Instructions to follow
Restate word for word the lines beginning with the one that contains "this 1500×1000 image." and ending at the bottom of the records below, both included.

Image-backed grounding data
┌──

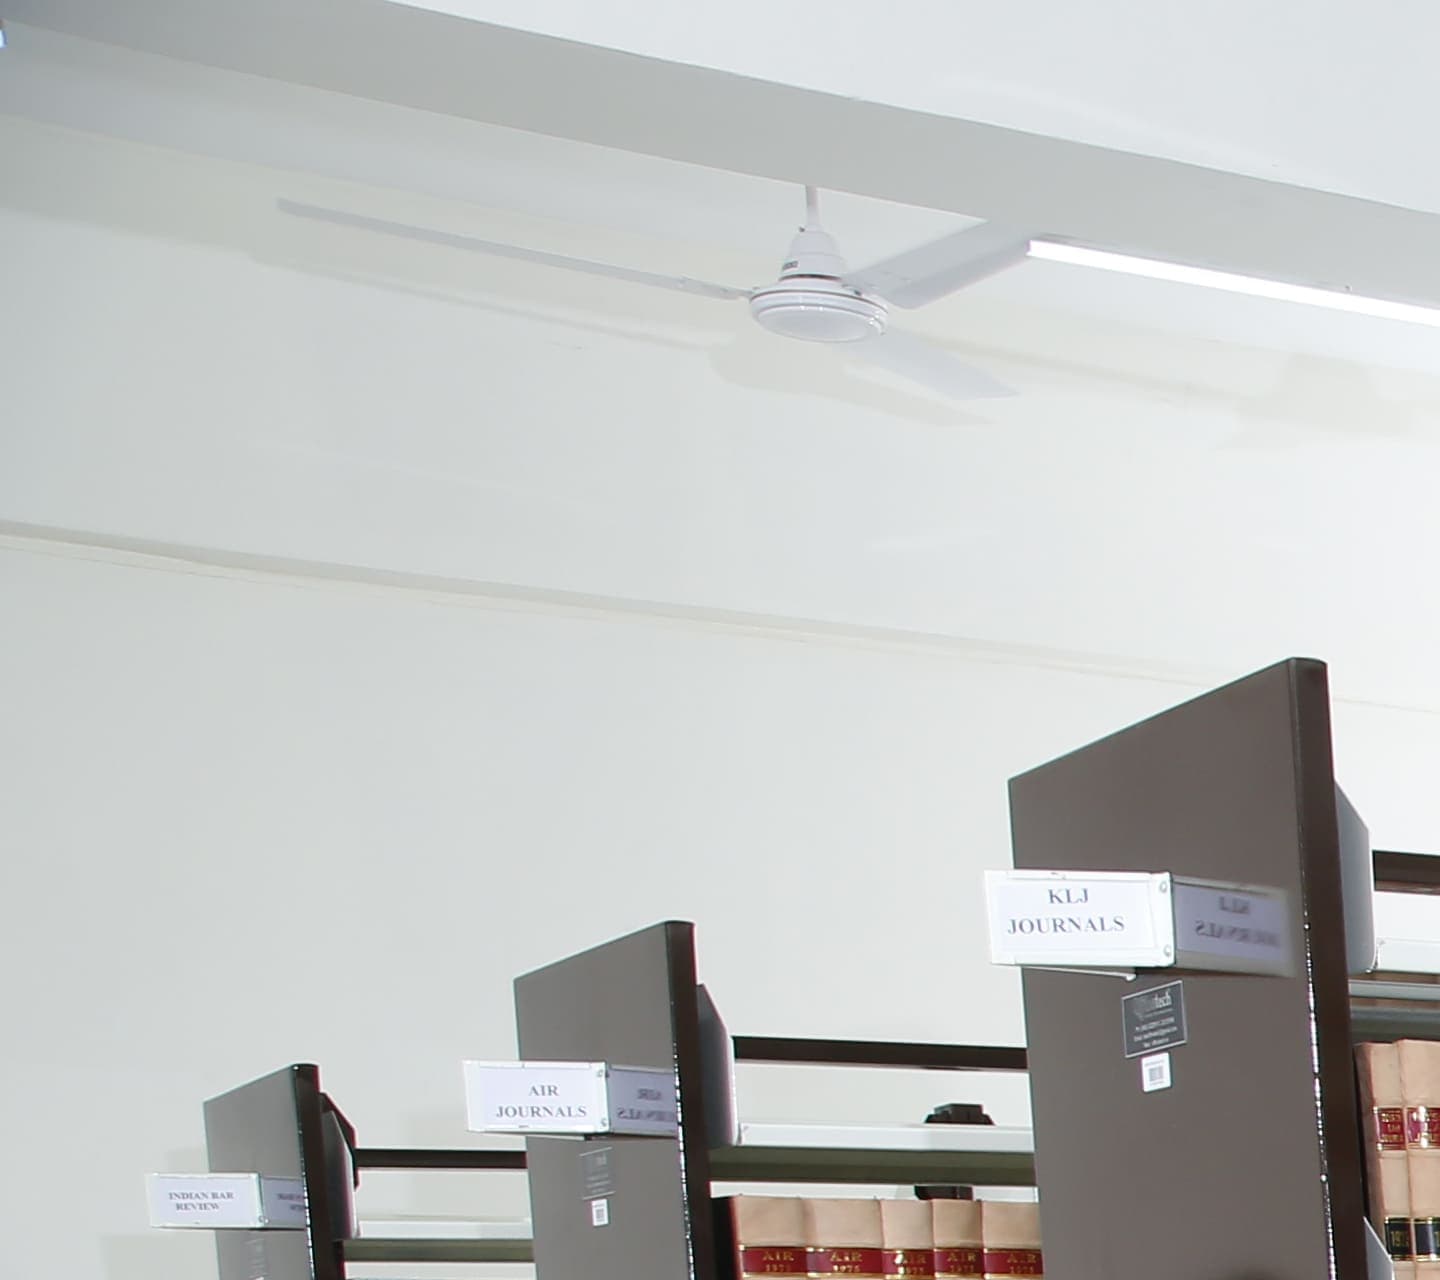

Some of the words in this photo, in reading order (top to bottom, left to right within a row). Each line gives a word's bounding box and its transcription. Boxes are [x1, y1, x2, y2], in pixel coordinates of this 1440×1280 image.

[1048, 888, 1088, 905] KLJ
[1008, 916, 1125, 935] JOURNALS
[529, 1085, 559, 1096] AIR
[496, 1106, 587, 1118] JOURNALS
[169, 1192, 209, 1200] INDIAN
[211, 1192, 234, 1200] BAR
[176, 1203, 219, 1211] REVIEW
[762, 1251, 794, 1262] AIR
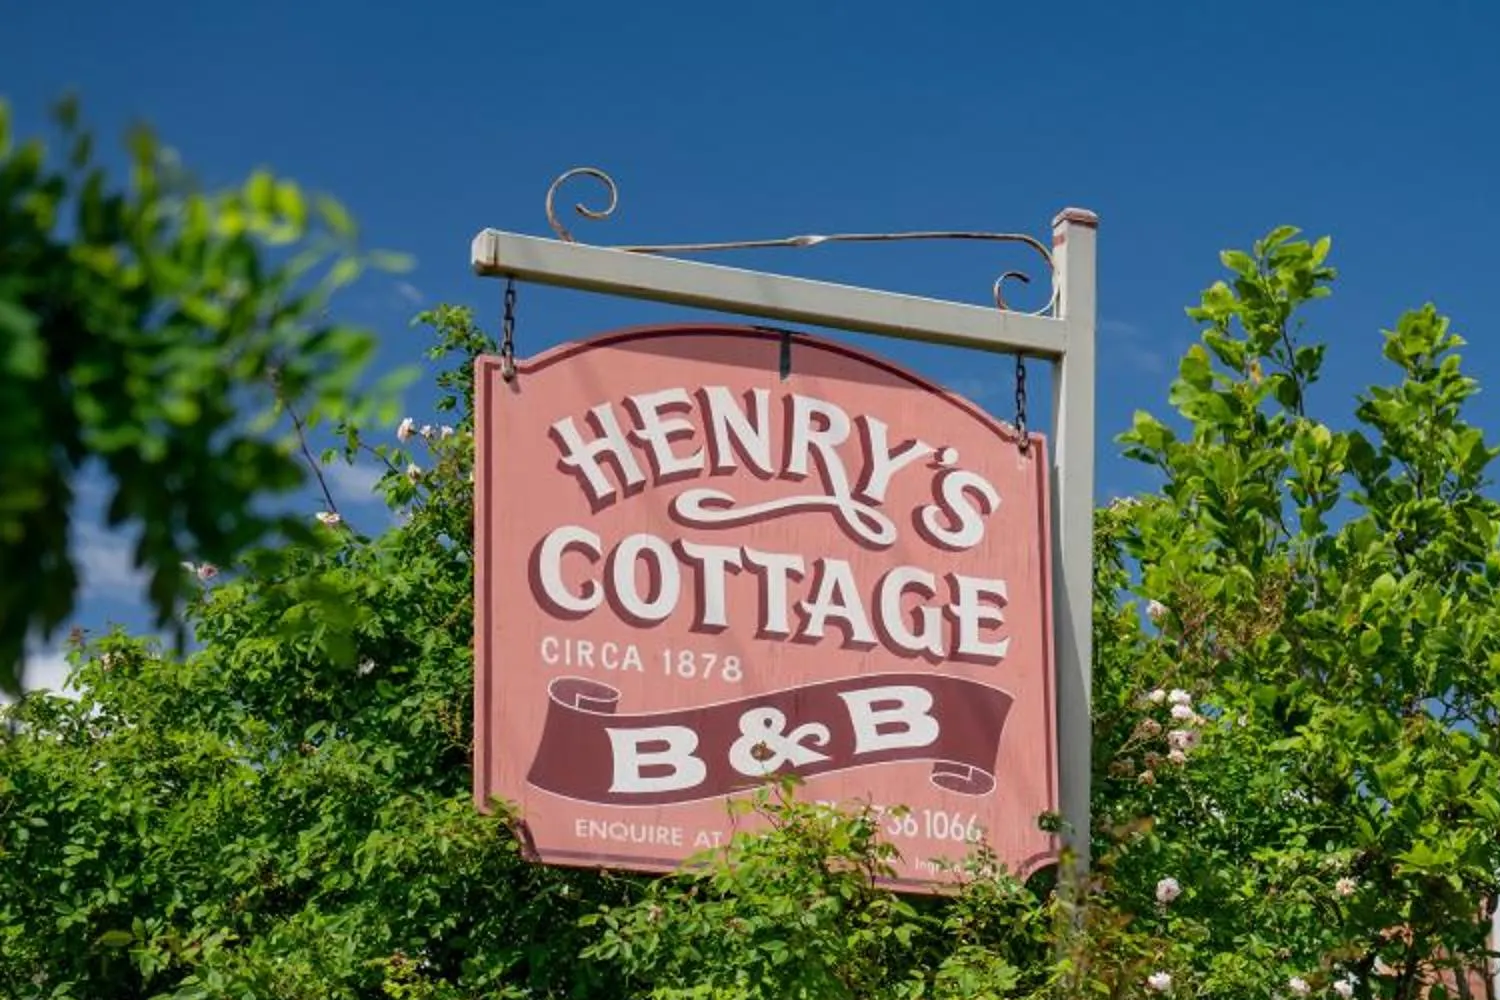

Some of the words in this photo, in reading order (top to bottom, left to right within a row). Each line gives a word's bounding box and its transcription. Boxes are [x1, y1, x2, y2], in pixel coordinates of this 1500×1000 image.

[549, 384, 1002, 549] HENRY'S
[529, 525, 1010, 664] COTTAGE
[540, 636, 644, 673] CIRCA
[662, 649, 743, 683] 1878
[604, 725, 707, 793] B
[729, 707, 832, 776] &
[837, 686, 940, 755] B
[575, 818, 683, 847] ENQUIRE
[693, 830, 723, 849] AT

└──

Exercise solution
Some of the words in this photo, in reading order (top to bottom, left to right within a row). Each line gives a word's bounding box and its transcription. Boxes are [x1, y1, x2, y2], in pixel coordinates of this 1500×1000 image.

[549, 384, 1002, 549] HENRY'S
[529, 525, 1010, 664] COTTAGE
[540, 636, 644, 673] CIRCA
[662, 649, 743, 683] 1878
[604, 725, 707, 793] B
[729, 707, 832, 776] &
[837, 686, 940, 755] B
[575, 818, 683, 847] ENQUIRE
[693, 830, 723, 849] AT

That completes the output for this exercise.